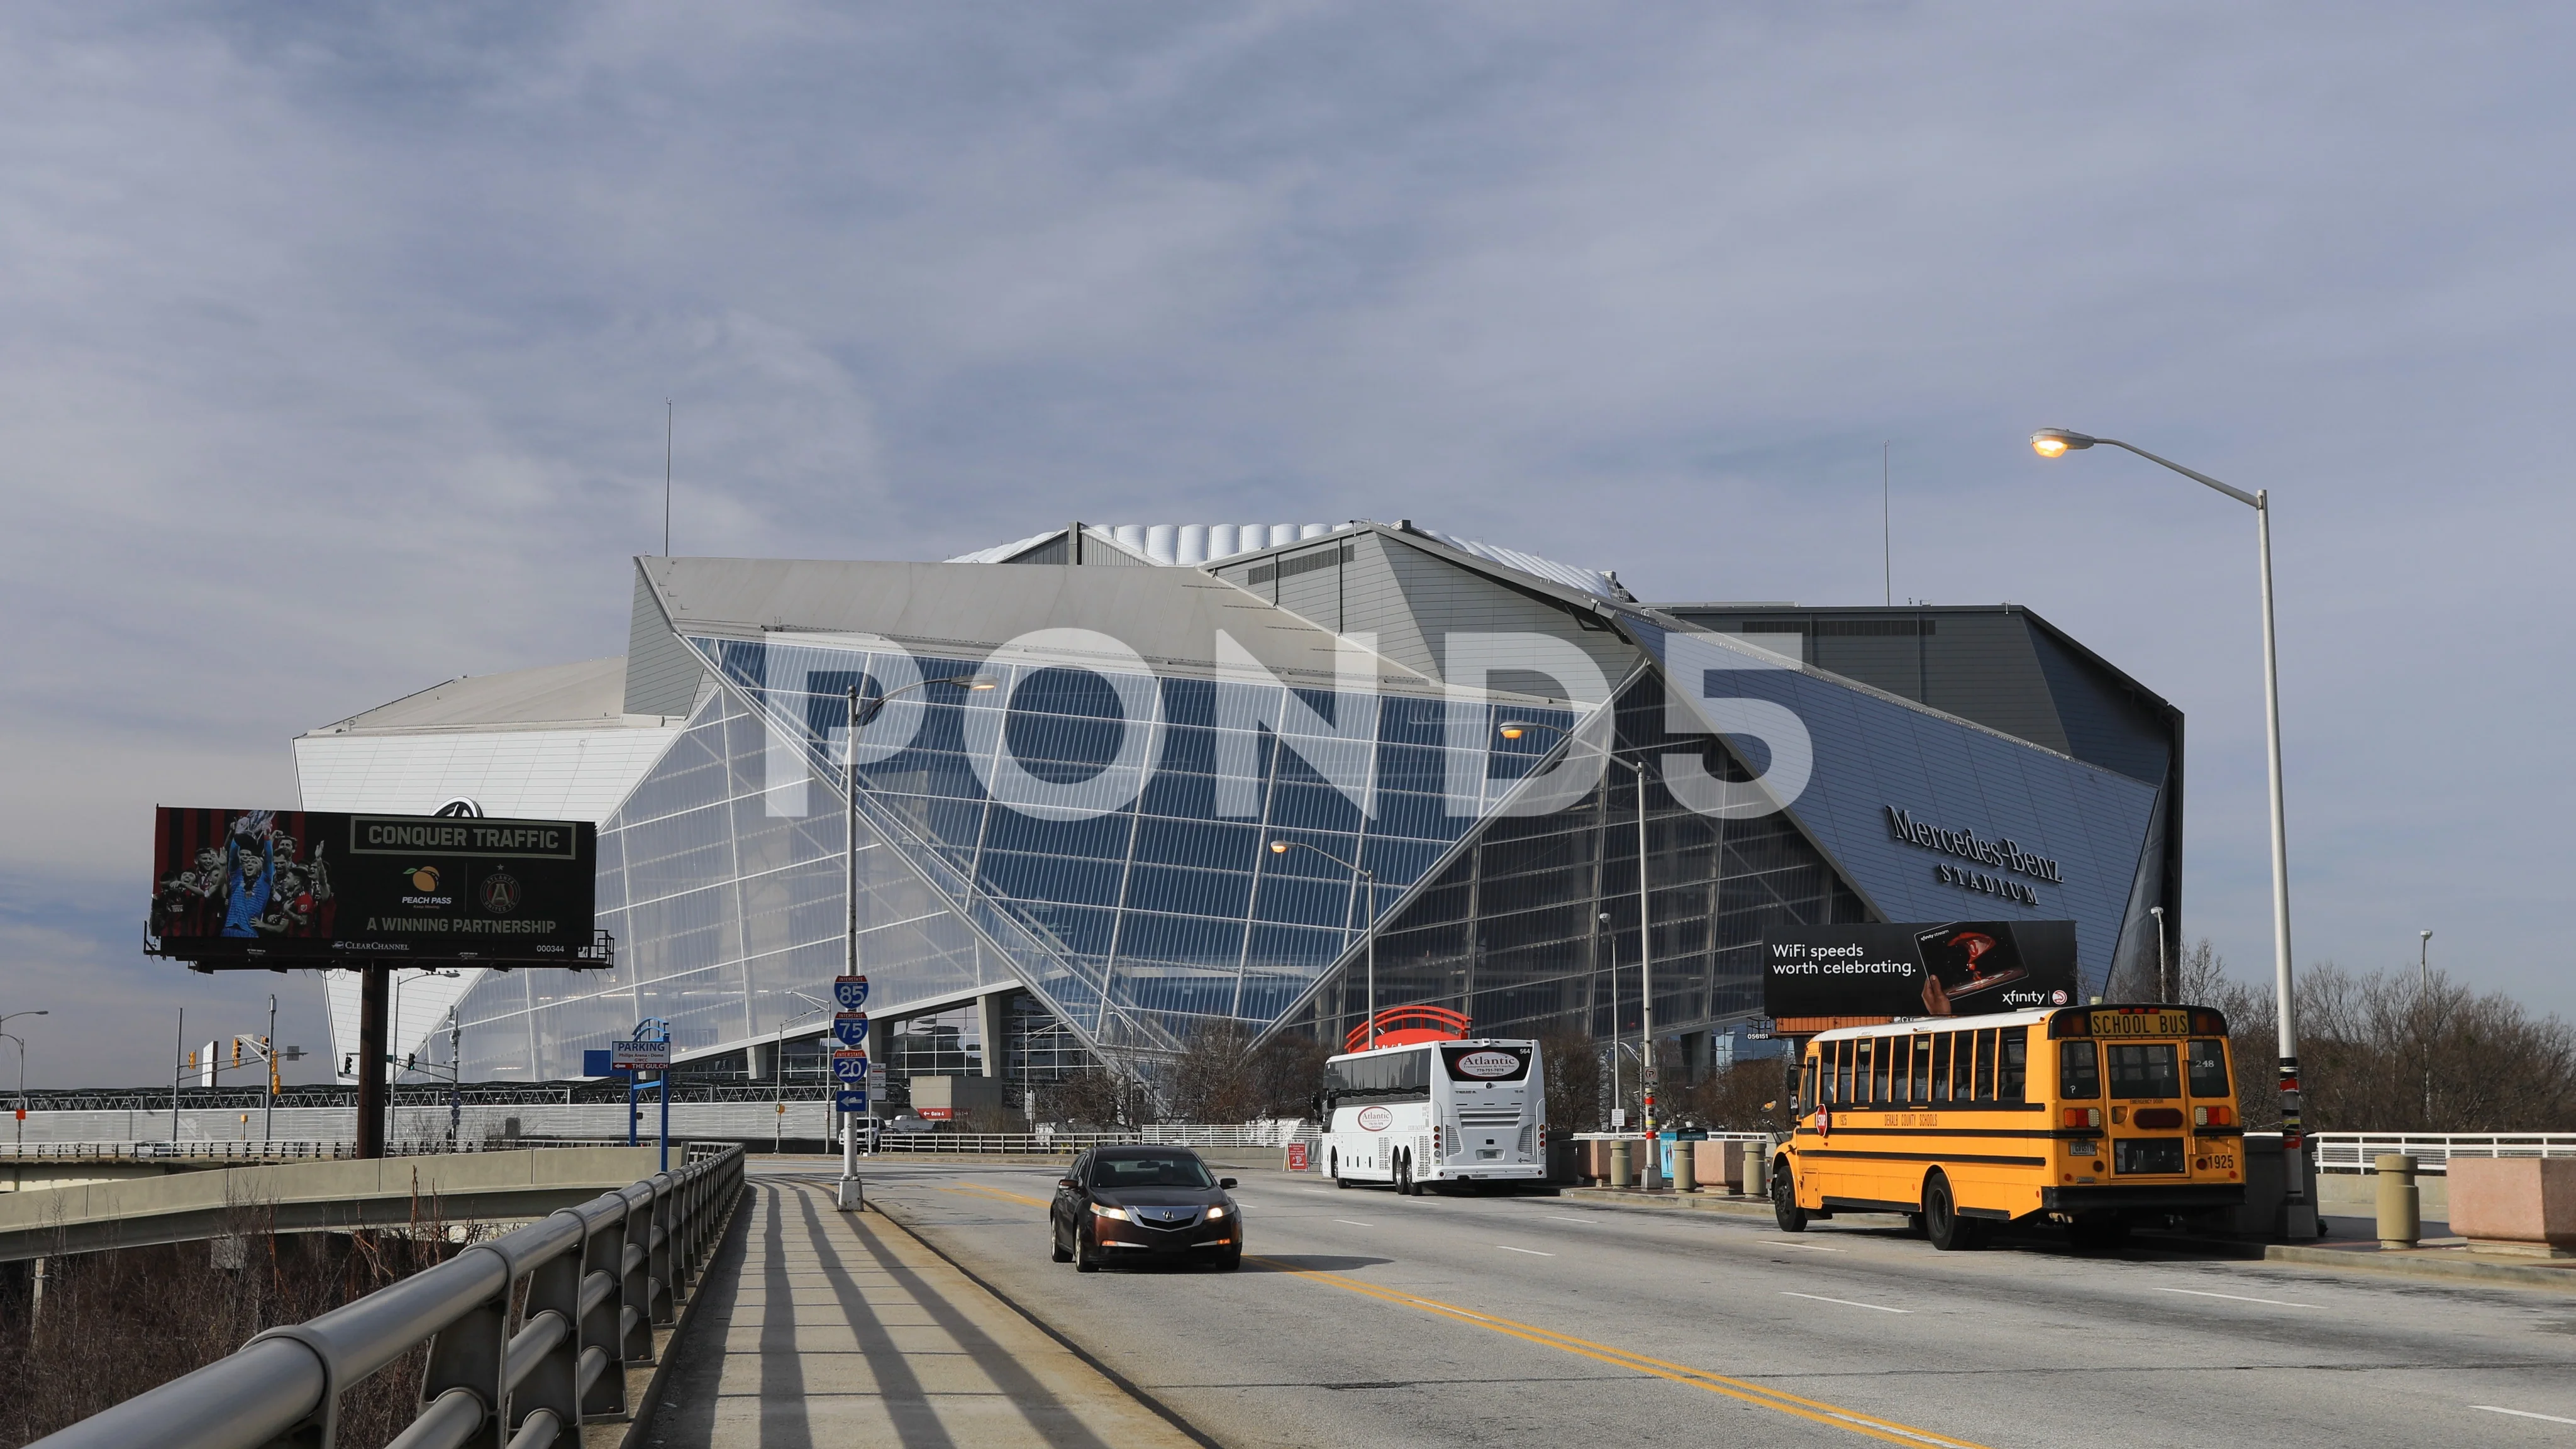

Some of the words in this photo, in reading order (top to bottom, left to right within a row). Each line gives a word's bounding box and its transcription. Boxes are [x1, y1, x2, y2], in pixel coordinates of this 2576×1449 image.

[369, 826, 467, 847] CONQUER
[473, 828, 559, 848] TRAFFIC
[1885, 804, 2064, 884] Mercedes-Benz
[487, 875, 514, 884] ATLANTA
[1938, 863, 2040, 906] STADIUM
[485, 901, 507, 912] UNITED
[367, 918, 377, 931] A
[382, 918, 449, 931] WINNING
[453, 919, 556, 933] PARTNERSHIP
[1772, 944, 1806, 957] WiFi
[1811, 943, 1863, 961] speeds
[1773, 961, 1818, 974] worth
[1823, 960, 1916, 977] celebrating.
[840, 985, 864, 1004] 85
[2002, 990, 2045, 1005] xfinity
[840, 1023, 862, 1038] 75
[2093, 1015, 2150, 1033] SCHOOL
[2160, 1015, 2187, 1033] BUS
[618, 1043, 665, 1051] PARKING
[1464, 1057, 1515, 1065] Atlantic
[2196, 1060, 2214, 1068] 248
[839, 1061, 862, 1077] 20
[1818, 1114, 1826, 1126] STOP
[1839, 1114, 1847, 1126] 1925
[1884, 1114, 1898, 1126] DEKALB
[1901, 1114, 1916, 1126] COUNTY
[1919, 1114, 1938, 1126] SCHOOLS
[2207, 1155, 2233, 1169] 1925

=== Problem details ===
Give back the entries above exactly as they stand. Leave the images out.

=== Written solution ===
Some of the words in this photo, in reading order (top to bottom, left to right within a row). Each line gives a word's bounding box and its transcription. Boxes are [x1, y1, x2, y2], in pixel coordinates of this 2576×1449 image.

[369, 826, 467, 847] CONQUER
[473, 828, 559, 848] TRAFFIC
[1885, 804, 2064, 884] Mercedes-Benz
[487, 875, 514, 884] ATLANTA
[1938, 863, 2040, 906] STADIUM
[485, 901, 507, 912] UNITED
[367, 918, 377, 931] A
[382, 918, 449, 931] WINNING
[453, 919, 556, 933] PARTNERSHIP
[1772, 944, 1806, 957] WiFi
[1811, 943, 1863, 961] speeds
[1773, 961, 1818, 974] worth
[1823, 960, 1916, 977] celebrating.
[840, 985, 864, 1004] 85
[2002, 990, 2045, 1005] xfinity
[840, 1023, 862, 1038] 75
[2093, 1015, 2150, 1033] SCHOOL
[2160, 1015, 2187, 1033] BUS
[618, 1043, 665, 1051] PARKING
[1464, 1057, 1515, 1065] Atlantic
[2196, 1060, 2214, 1068] 248
[839, 1061, 862, 1077] 20
[1818, 1114, 1826, 1126] STOP
[1839, 1114, 1847, 1126] 1925
[1884, 1114, 1898, 1126] DEKALB
[1901, 1114, 1916, 1126] COUNTY
[1919, 1114, 1938, 1126] SCHOOLS
[2207, 1155, 2233, 1169] 1925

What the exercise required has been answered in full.